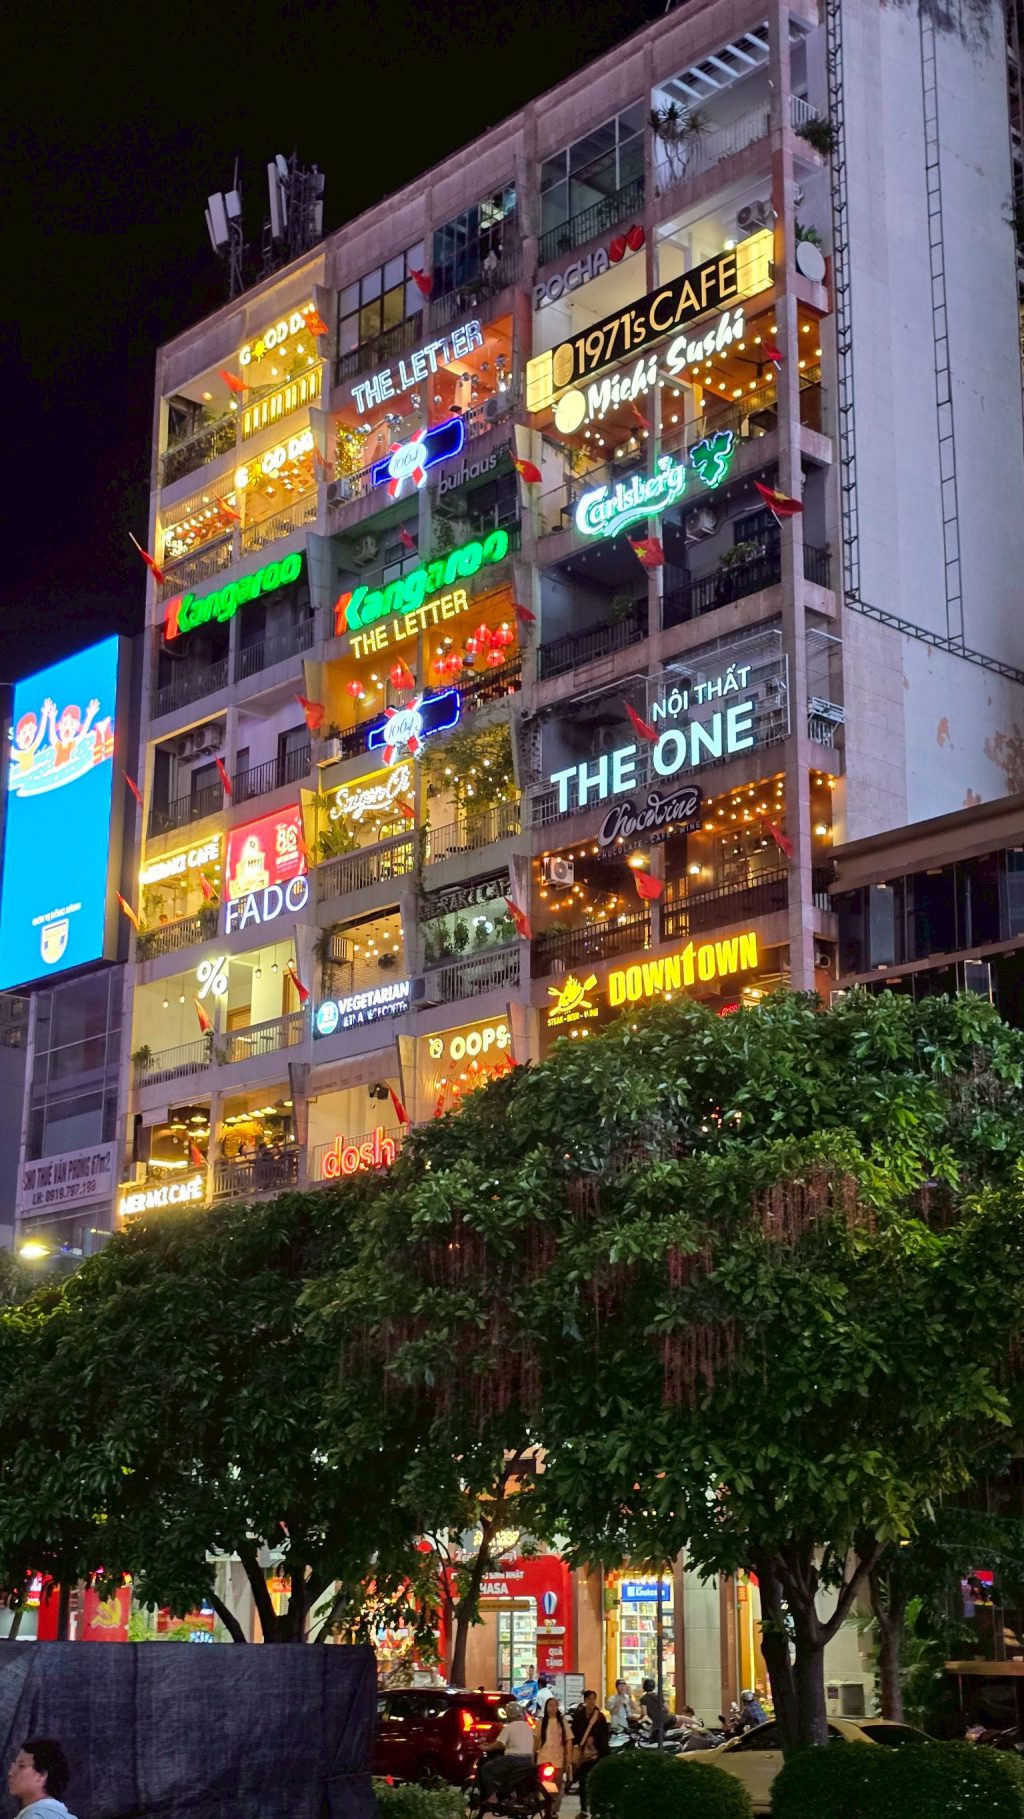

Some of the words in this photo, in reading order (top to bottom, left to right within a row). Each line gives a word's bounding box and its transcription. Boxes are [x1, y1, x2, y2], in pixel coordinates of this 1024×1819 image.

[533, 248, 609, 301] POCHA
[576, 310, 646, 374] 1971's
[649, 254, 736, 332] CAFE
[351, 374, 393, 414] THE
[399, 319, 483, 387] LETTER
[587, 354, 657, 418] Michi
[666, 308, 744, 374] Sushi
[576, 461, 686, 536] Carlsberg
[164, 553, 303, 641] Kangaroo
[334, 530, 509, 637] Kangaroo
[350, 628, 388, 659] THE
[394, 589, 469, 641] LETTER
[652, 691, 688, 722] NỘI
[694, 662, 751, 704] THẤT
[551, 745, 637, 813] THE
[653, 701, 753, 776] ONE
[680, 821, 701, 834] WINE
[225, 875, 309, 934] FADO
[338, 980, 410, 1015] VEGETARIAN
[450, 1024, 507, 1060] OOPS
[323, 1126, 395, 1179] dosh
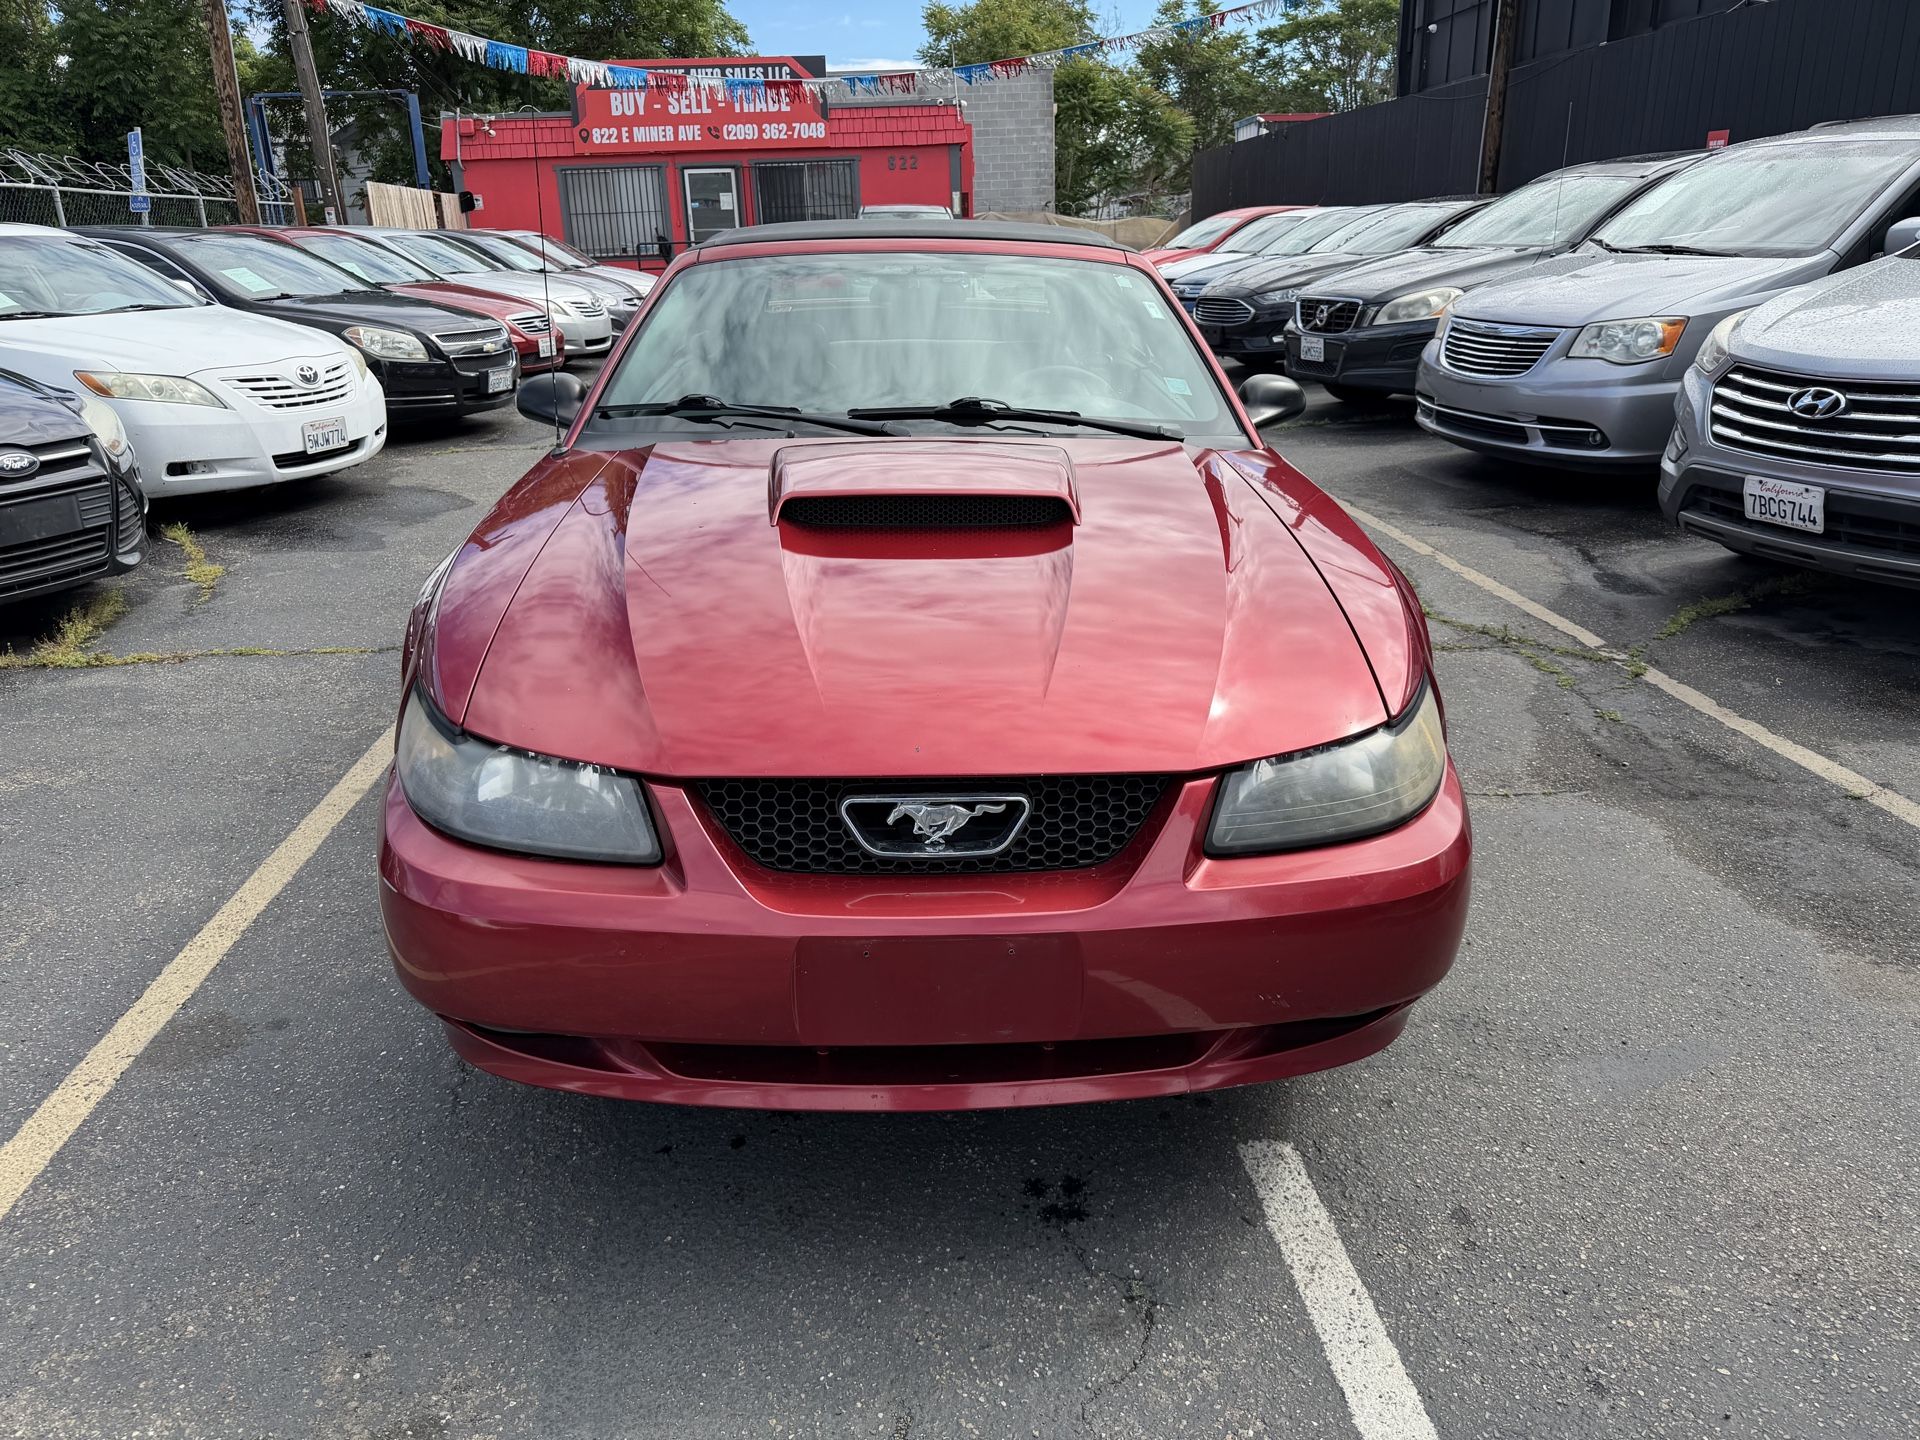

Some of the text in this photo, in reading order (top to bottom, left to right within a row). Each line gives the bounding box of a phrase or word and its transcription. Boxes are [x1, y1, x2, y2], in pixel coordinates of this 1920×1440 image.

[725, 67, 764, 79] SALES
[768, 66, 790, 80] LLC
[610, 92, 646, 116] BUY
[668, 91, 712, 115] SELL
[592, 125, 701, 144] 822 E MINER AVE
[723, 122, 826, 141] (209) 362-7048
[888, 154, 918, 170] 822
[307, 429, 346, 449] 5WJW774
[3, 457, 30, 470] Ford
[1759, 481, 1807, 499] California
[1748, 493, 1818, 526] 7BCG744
━━━
TASK:
Drop the pictures and reproduce the rest of the data exactly.

SOLUTION:
Some of the words in this photo, in reading order (top to bottom, left to right within a row). Each line gives a word's bounding box and its transcription. Boxes are [x1, y1, x2, y2], in pixel coordinates of this 1024×1819 image.

[533, 248, 609, 301] POCHA
[576, 310, 646, 374] 1971's
[649, 254, 736, 332] CAFE
[351, 374, 393, 414] THE
[399, 319, 483, 387] LETTER
[587, 354, 657, 418] Michi
[666, 308, 744, 374] Sushi
[576, 461, 686, 536] Carlsberg
[164, 553, 303, 641] Kangaroo
[334, 530, 509, 637] Kangaroo
[350, 628, 388, 659] THE
[394, 589, 469, 641] LETTER
[652, 691, 688, 722] NỘI
[694, 662, 751, 704] THẤT
[551, 745, 637, 813] THE
[653, 701, 753, 776] ONE
[680, 821, 701, 834] WINE
[225, 875, 309, 934] FADO
[338, 980, 410, 1015] VEGETARIAN
[450, 1024, 507, 1060] OOPS
[323, 1126, 395, 1179] dosh

Some of the text in this photo, in reading order (top to bottom, left to right within a row). Each line gives the bounding box of a phrase or word and its transcription. Boxes are [x1, y1, x2, y2], in pixel coordinates of this 1920×1440 image.

[725, 67, 764, 79] SALES
[768, 66, 790, 80] LLC
[610, 92, 646, 116] BUY
[668, 91, 712, 115] SELL
[592, 125, 701, 144] 822 E MINER AVE
[723, 122, 826, 141] (209) 362-7048
[888, 154, 918, 170] 822
[307, 429, 346, 449] 5WJW774
[3, 457, 30, 470] Ford
[1759, 481, 1807, 499] California
[1748, 493, 1818, 526] 7BCG744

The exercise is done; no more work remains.